In March 2004, the EITF issued a Consensus on Issue 03-1 requiring that the
provisions of EITF 03-1 be applied for reporting periods beginning after June
15, 2004 to investments accounted for under SFAS No. 115 and 124. EITF 03-1
establishes a three-step approach for determining whether an investment is
considered impaired, whether that impairment is other-than-temporary, and the
measurement of an impairment loss. The Corporation is in the process of
determining the impact that this EITF will have on its financial statements.

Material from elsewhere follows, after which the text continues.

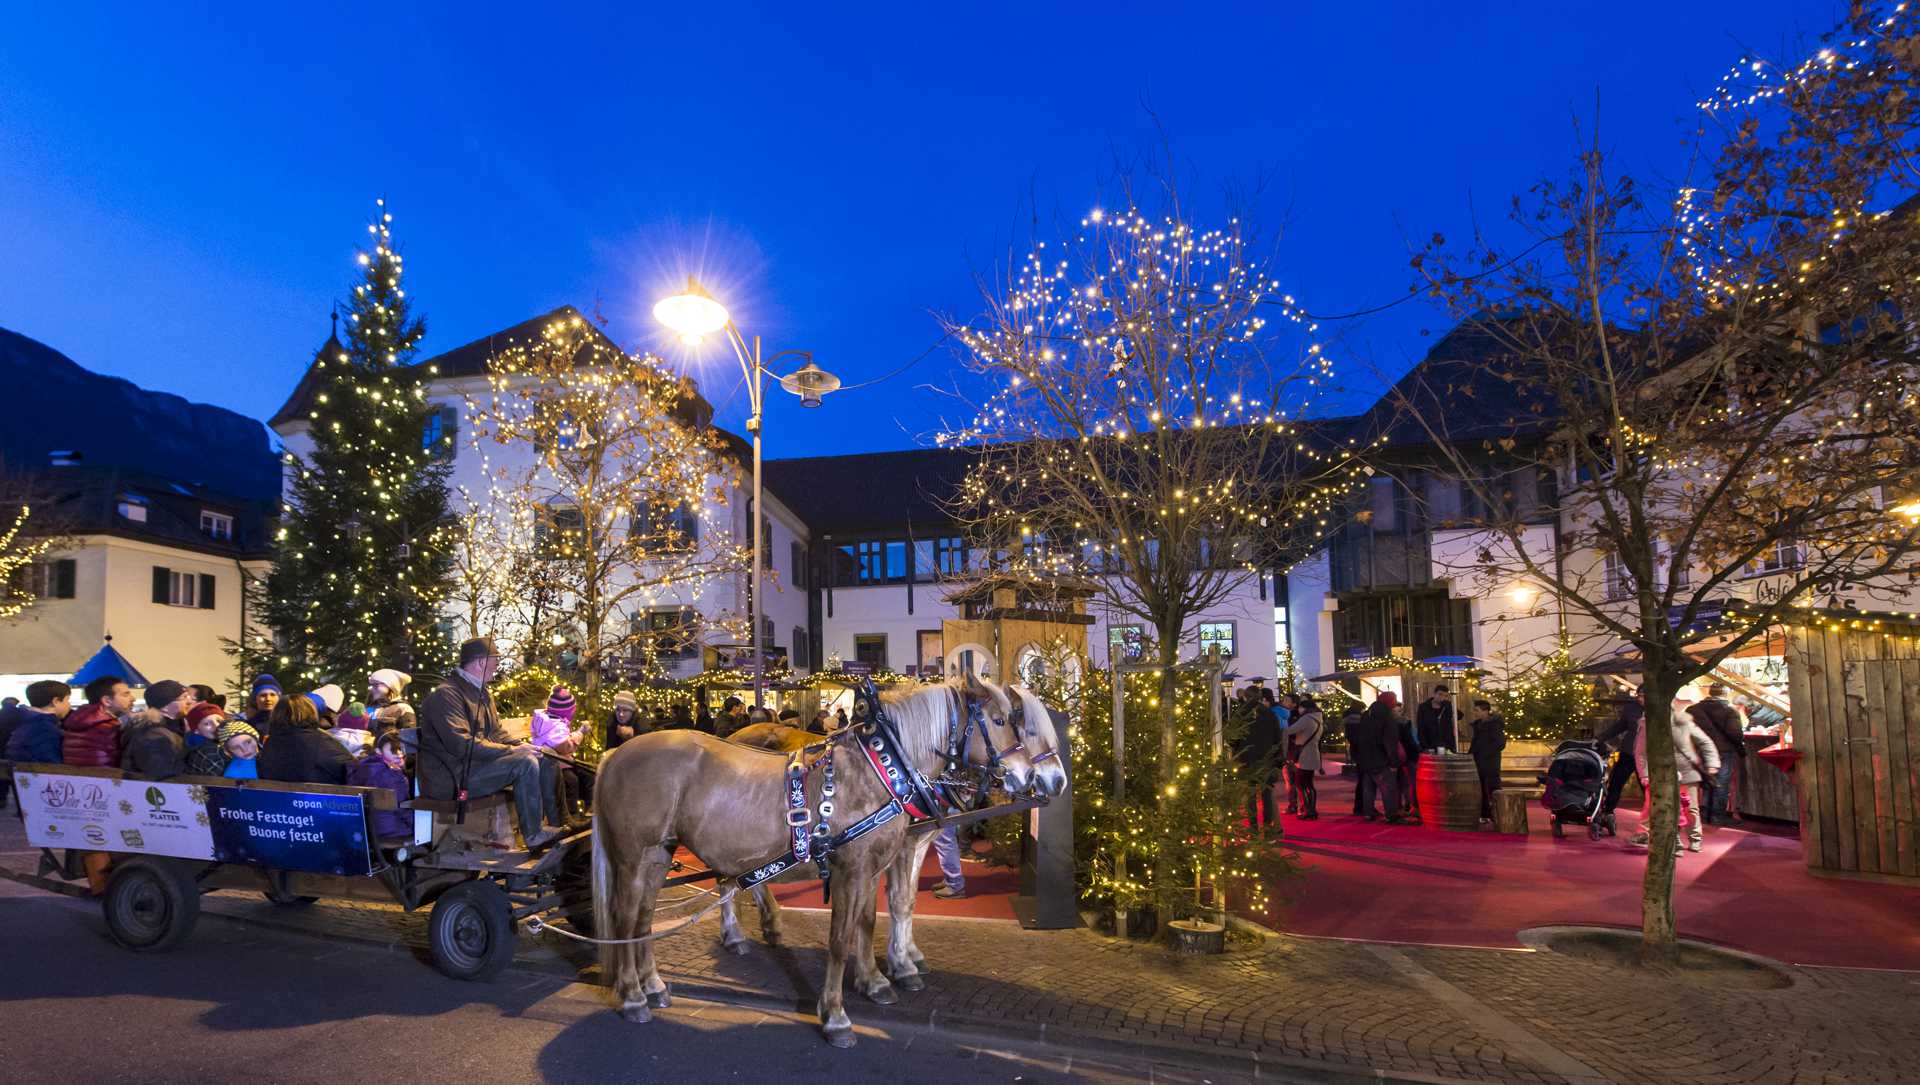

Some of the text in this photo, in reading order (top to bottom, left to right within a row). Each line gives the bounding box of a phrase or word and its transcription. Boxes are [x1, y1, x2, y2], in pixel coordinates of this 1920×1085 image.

Note 4: Variable Interest Entities

Management has determined that Republic First Capital Trust I ("RFCT"),
utilized for the Company's $6,000,000 of pooled preferred securities issuance,
qualifies as a variable interest entity under FIN 46, as revised RFCT issued
mandatorily redeemable preferred stock to investors and loaned the proceeds to
the Company. RFCT is included in the Company's consolidated balance sheet and
statements of income as of and for the year ended December 31, 2003. Subsequent
to the issuance of FIN 46 in January 2003, the FASB issued a revised
interpretation, FIN 46(R) Consolidation of Variable Interest Entities, the
provisions of which were required to be applied to certain variable interest
entities by March 31, 2004.

The Company adopted the provisions under the revised interpretation in
the first quarter of 2004. Accordingly, the Company no longer consolidates RFCT
as of June 30, 2004. FIN 46(R) precludes consideration of the call option
embedded in the preferred stock when determining if the Company has the right to
a majority of RFCT's expected residual returns. The deconsolidation resulted in
the investment in the common stock of RFCT to be included in other assets as of
June 30, 2004 and the corresponding increase in outstanding debt of $186,000. In
addition, the income received on the Company's common stock investment is
included in other income. The adoption of FIN 46R did not have a material impact
on the financial position or results of operations. The Federal Reserve has
issued proposed guidance on the regulatory capital treatment for the
trust-preferred securities issued by RFCT as a result of the adoption of FIN
46(R). The proposed rule would retain the current maximum percentage of total
capital permitted for trust preferred securities at 25%, but would enact other
changes to the rules governing trust preferred securities that affect their use
as part of the collection of entities known as "restricted core capital
elements". The rule would take effect March 31, 2007; however, a three-year
transition period starting now and leading up to that date would allow bank
holding companies to continue to count trust preferred securities as Tier 1
Capital after applying FIN-46(R). Management has evaluated the effects of the
proposed rule and does not anticipate a material impact on its capital ratios
when the proposed rule is finalized.



Note 5: Legal Proceedings

The Company and the Banks are from time to time parties (plaintiff or
defendant) to lawsuits in the normal course of business. While any litigation
involves an element of uncertainty, management, after reviewing pending actions
with legal counsel, is of the opinion that the liabilities of the Company and
the Banks, if any, resulting from such actions will not have a material effect
on the financial condition or results of operations of the Company and the
Banks.


10





Note 6: Segment Reporting

The Company's reportable segments represent strategic businesses that
offer different products and services. The segments are managed separately
because each segment has unique operating characteristics, management
requirements and marketing strategies. The Company has four reportable segments:
two community banking segments; tax refund products; and short-term consumer
loans. The community banking segments are primarily comprised of the results of
operations and financial condition of the Banks. Tax refund products are
comprised of accelerated check refunds and refund anticipation loans offered by
the DE Bank on a national basis to customers of Liberty Tax Services, an
unaffiliated national tax preparation firm. Short-term consumer loans are loans
made to customers offered by the DE Bank, with principal amounts of $1,000 or
less and terms of approximately two weeks. These loans typically are made in
states that are outside of the Company's normal market area through a small
number of marketers and involve rates and fees significantly different from
other loan products offered by either of the Banks.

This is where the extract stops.